----- Listed entries
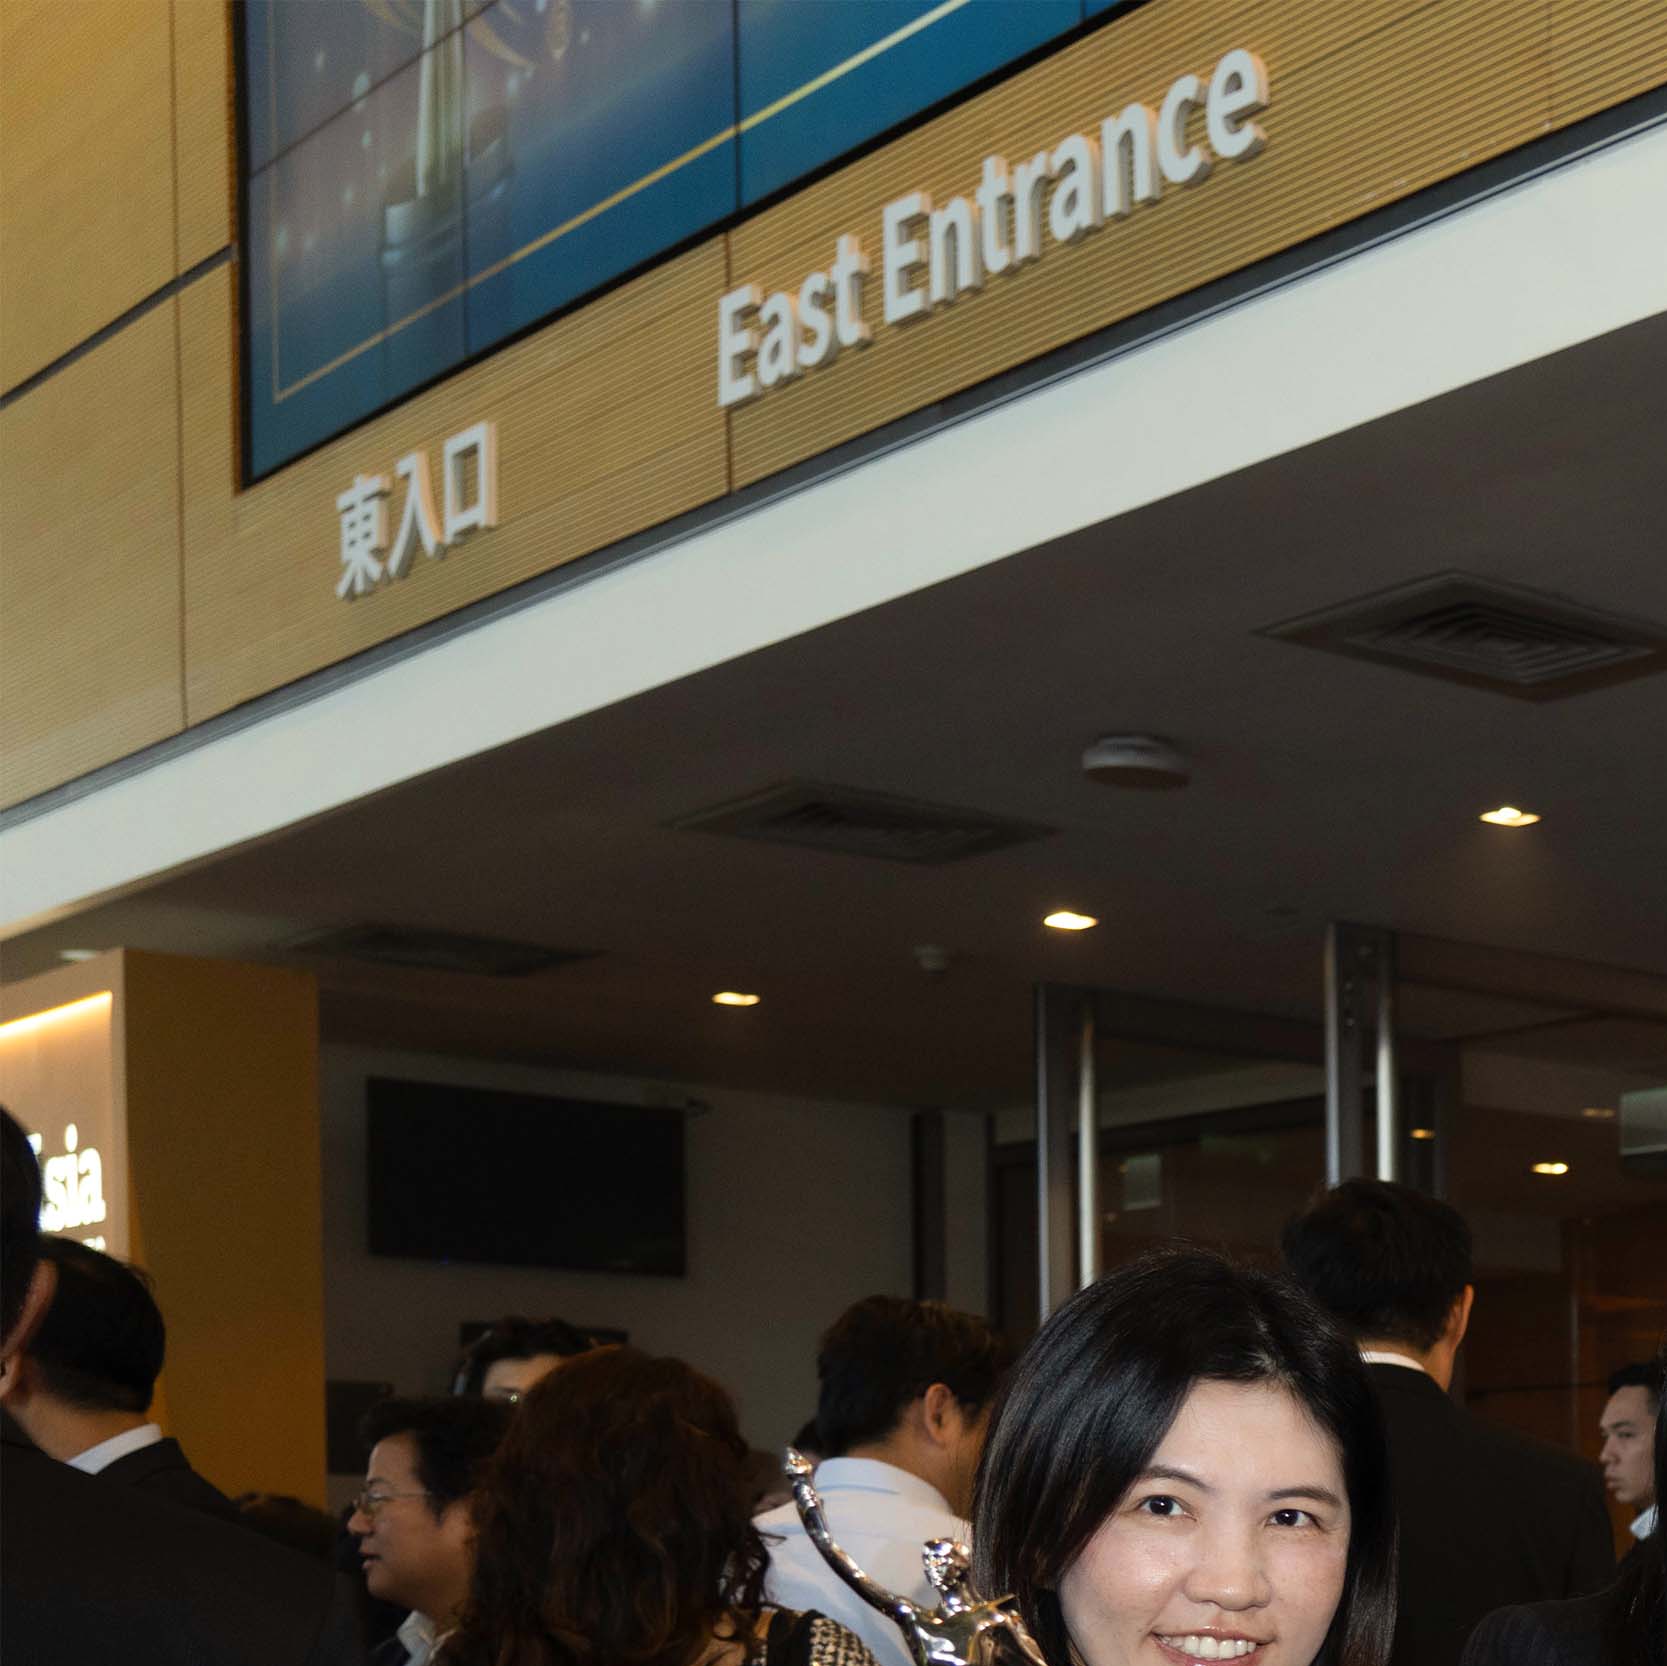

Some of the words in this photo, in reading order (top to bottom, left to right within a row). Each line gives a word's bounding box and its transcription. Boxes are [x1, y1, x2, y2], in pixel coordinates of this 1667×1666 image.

[718, 284, 866, 407] East
[882, 48, 1266, 324] Entrance
[336, 422, 492, 598] 東入口
[26, 1122, 107, 1232] sia
----------
▸ **Aim of the task**:
Would you transcribe the listing above line by line, exactly, leaving every picture out?

▸ **Response for this exercise**:
Some of the words in this photo, in reading order (top to bottom, left to right within a row). Each line gives a word's bounding box and its transcription. Boxes are [x1, y1, x2, y2], in pixel coordinates of this 1667×1666 image.

[718, 284, 866, 407] East
[882, 48, 1266, 324] Entrance
[336, 422, 492, 598] 東入口
[26, 1122, 107, 1232] sia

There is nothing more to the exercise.